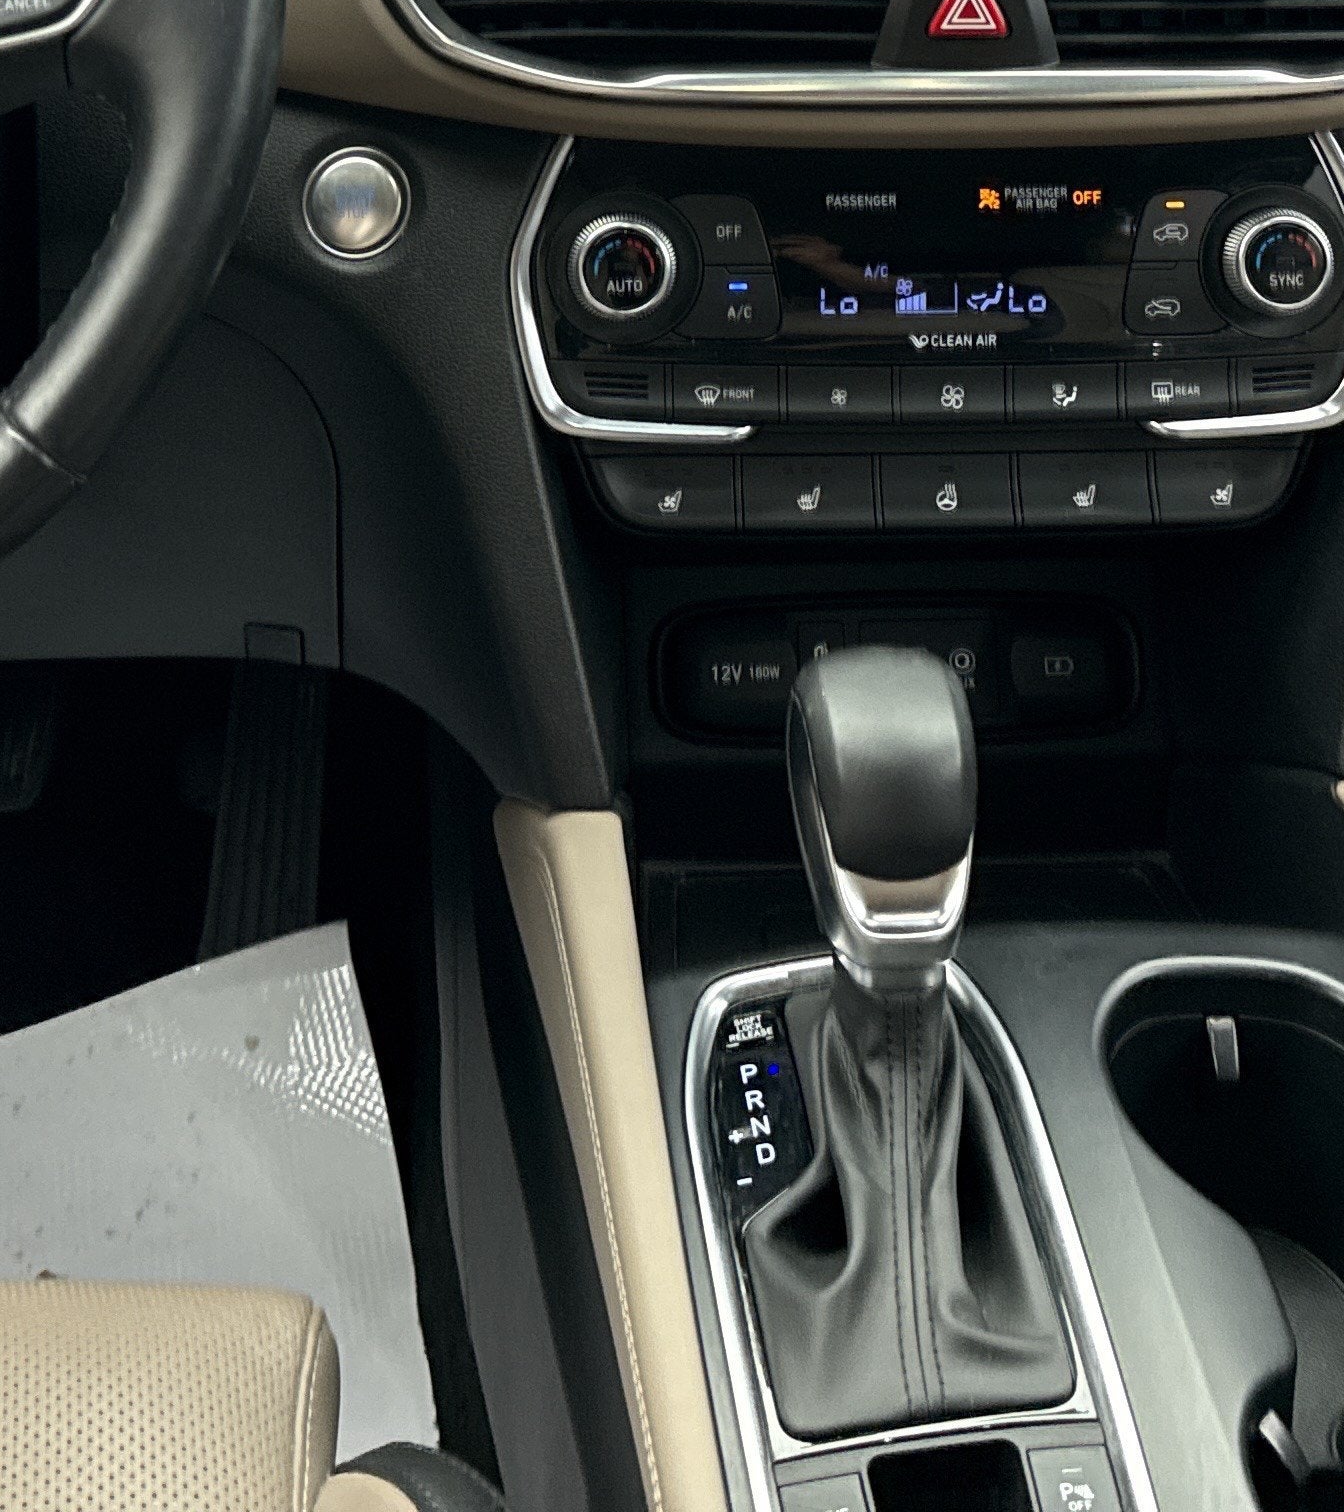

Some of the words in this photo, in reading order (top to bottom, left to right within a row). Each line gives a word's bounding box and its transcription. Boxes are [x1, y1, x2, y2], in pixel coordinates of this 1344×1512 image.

[824, 192, 898, 209] PASSENGER
[1004, 186, 1068, 199] PASSENGER
[1072, 189, 1102, 206] OFF
[1015, 198, 1034, 210] AIR
[1035, 198, 1058, 210] BAG
[715, 224, 743, 240] OFF
[863, 263, 889, 281] A/C
[1268, 272, 1305, 289] SYNC
[606, 279, 643, 295] AUTO
[726, 304, 753, 322] A/C
[930, 333, 973, 348] CLEAN
[975, 333, 998, 348] AIR
[722, 386, 755, 401] FRONT
[1174, 384, 1201, 397] REAR
[711, 662, 743, 684] 12V
[739, 1063, 758, 1085] P
[744, 1089, 765, 1111] R
[749, 1114, 772, 1139] N
[755, 1142, 777, 1166] D
[1068, 1499, 1093, 1512] OFF
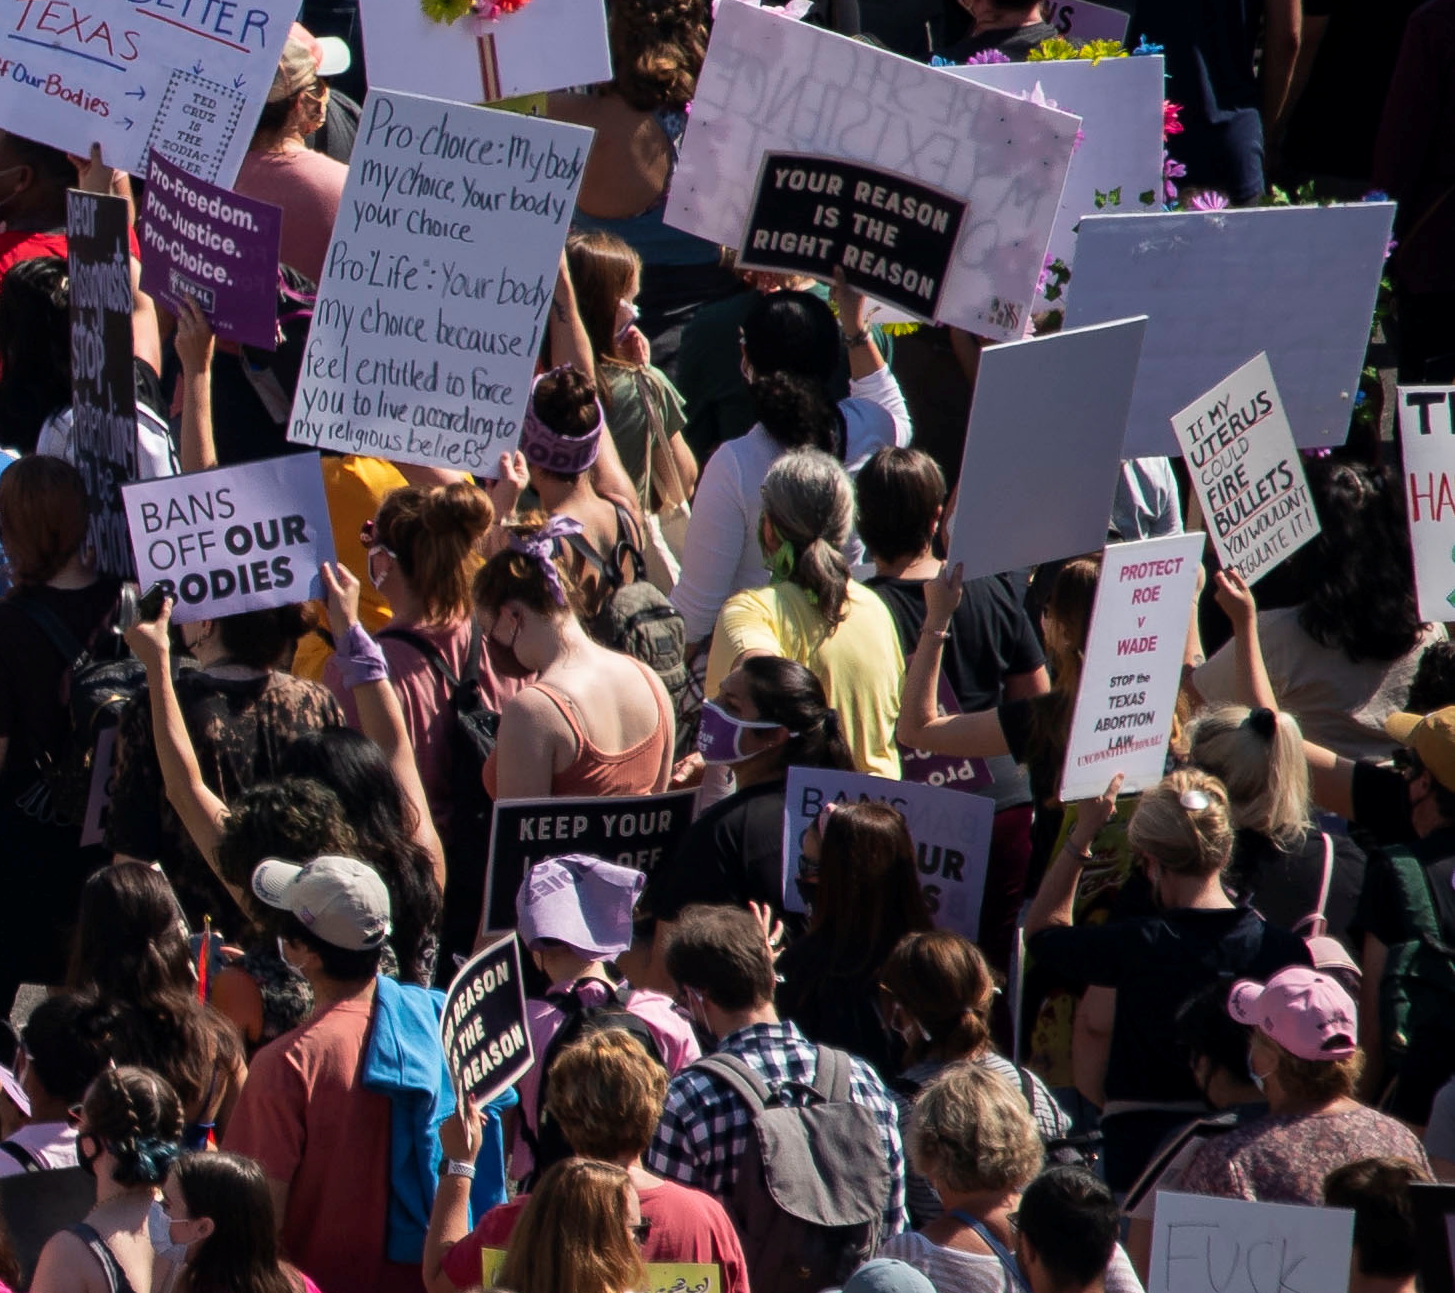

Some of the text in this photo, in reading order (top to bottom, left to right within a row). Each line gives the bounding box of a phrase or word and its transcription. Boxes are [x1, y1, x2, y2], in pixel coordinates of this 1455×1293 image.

[1186, 394, 1231, 444] IF MY
[1190, 390, 1273, 467] UTERUS
[1201, 437, 1249, 486] COULD
[1206, 464, 1250, 510] FIRE
[1214, 461, 1295, 538] BULLETS
[1119, 557, 1184, 583] PROTECT
[1132, 586, 1161, 604] ROE
[1116, 636, 1158, 657] WADE
[1109, 673, 1150, 688] STOP the
[1109, 692, 1145, 709] TEXAS
[1094, 711, 1155, 733] ABORTION
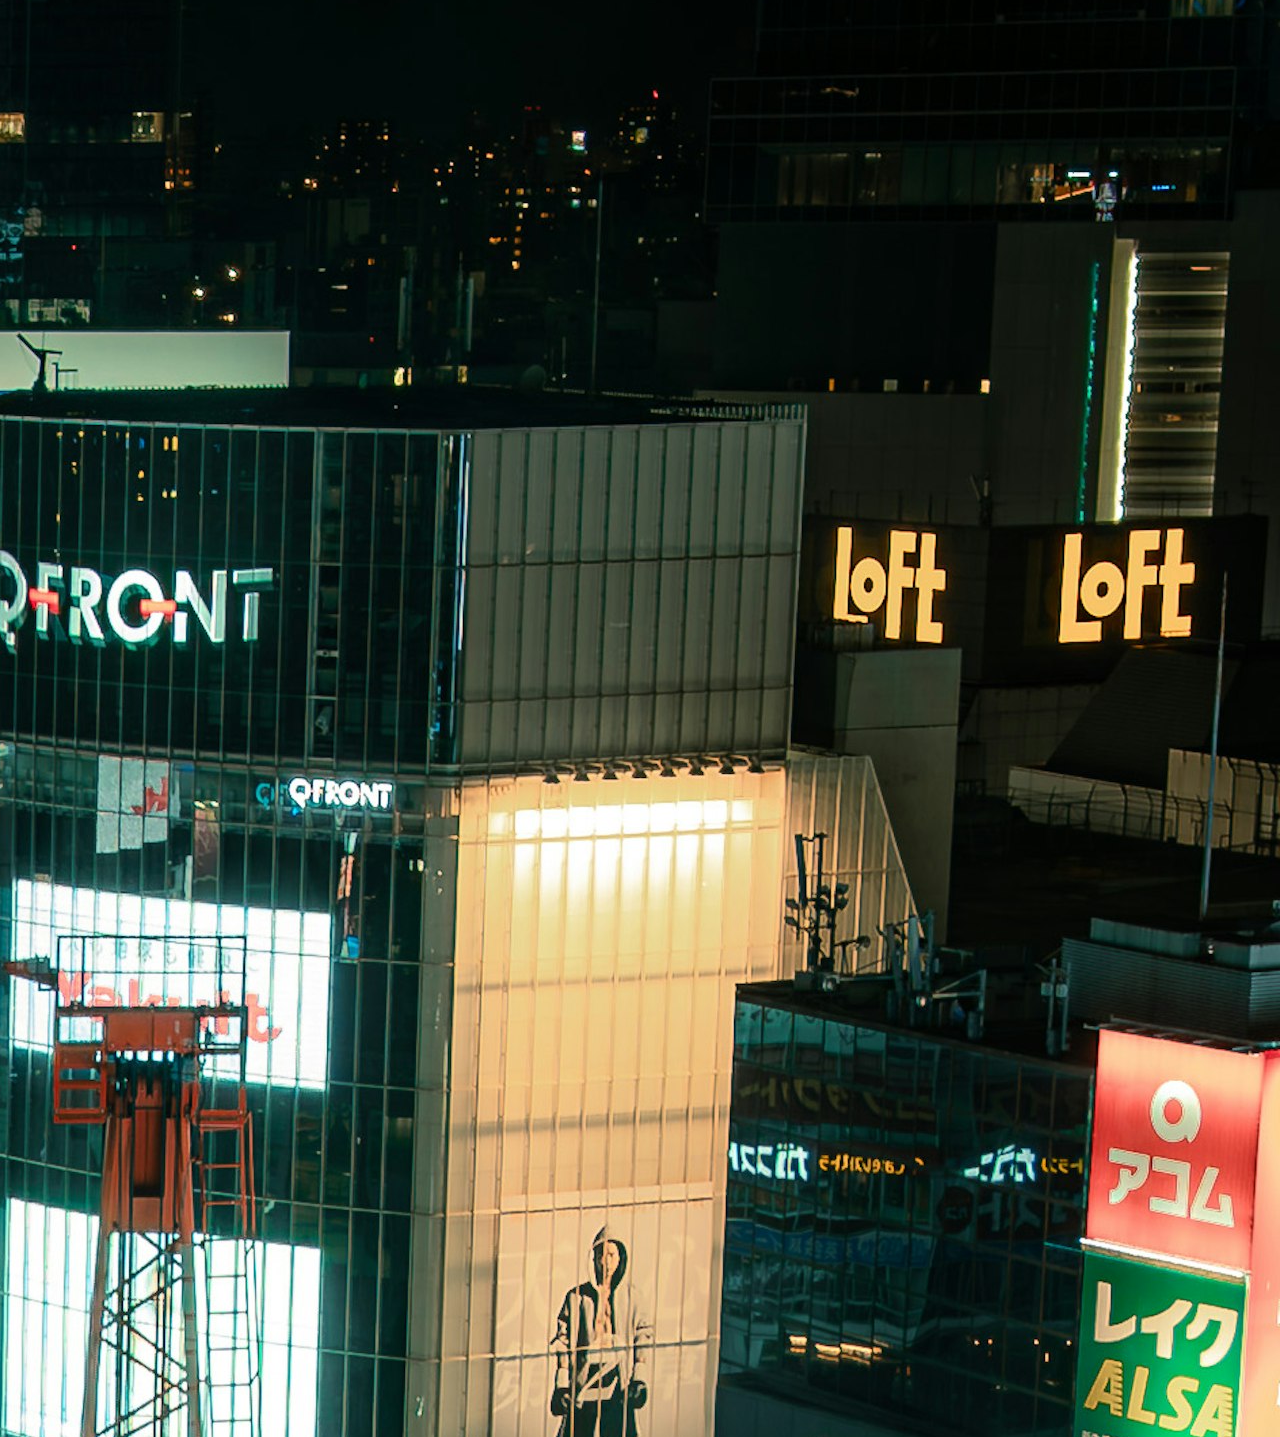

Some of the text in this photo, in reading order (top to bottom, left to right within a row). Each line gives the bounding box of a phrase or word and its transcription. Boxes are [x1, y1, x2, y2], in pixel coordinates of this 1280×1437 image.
+ + + + +
Work instructions:
Only the pictures may be dropped; print every record exactly as given.

Response:
Some of the words in this photo, in reading order (top to bottom, left to right within a row). Each line gives a word's bounding box and its transcription. Boxes are [x1, y1, x2, y2], in pixel coordinates of this 1344×1512 image.

[824, 192, 898, 209] PASSENGER
[1004, 186, 1068, 199] PASSENGER
[1072, 189, 1102, 206] OFF
[1015, 198, 1034, 210] AIR
[1035, 198, 1058, 210] BAG
[715, 224, 743, 240] OFF
[863, 263, 889, 281] A/C
[1268, 272, 1305, 289] SYNC
[606, 279, 643, 295] AUTO
[726, 304, 753, 322] A/C
[930, 333, 973, 348] CLEAN
[975, 333, 998, 348] AIR
[722, 386, 755, 401] FRONT
[1174, 384, 1201, 397] REAR
[711, 662, 743, 684] 12V
[739, 1063, 758, 1085] P
[744, 1089, 765, 1111] R
[749, 1114, 772, 1139] N
[755, 1142, 777, 1166] D
[1068, 1499, 1093, 1512] OFF

Some of the text in this photo, in reading order (top to bottom, left to right within a row). Each line gives the bounding box of a phrase or word and its transcription. Boxes are [x1, y1, x2, y2], in pixel coordinates of this 1455×1293 image.

[1186, 394, 1231, 444] IF MY
[1190, 390, 1273, 467] UTERUS
[1201, 437, 1249, 486] COULD
[1206, 464, 1250, 510] FIRE
[1214, 461, 1295, 538] BULLETS
[1119, 557, 1184, 583] PROTECT
[1132, 586, 1161, 604] ROE
[1116, 636, 1158, 657] WADE
[1109, 673, 1150, 688] STOP the
[1109, 692, 1145, 709] TEXAS
[1094, 711, 1155, 733] ABORTION

Some of the text in this photo, in reading order (top to bottom, left to right within a row). Each line gives the bounding box of a phrase or word and its transcription. Boxes are [x1, y1, x2, y2], in pixel coordinates of this 1280×1437 image.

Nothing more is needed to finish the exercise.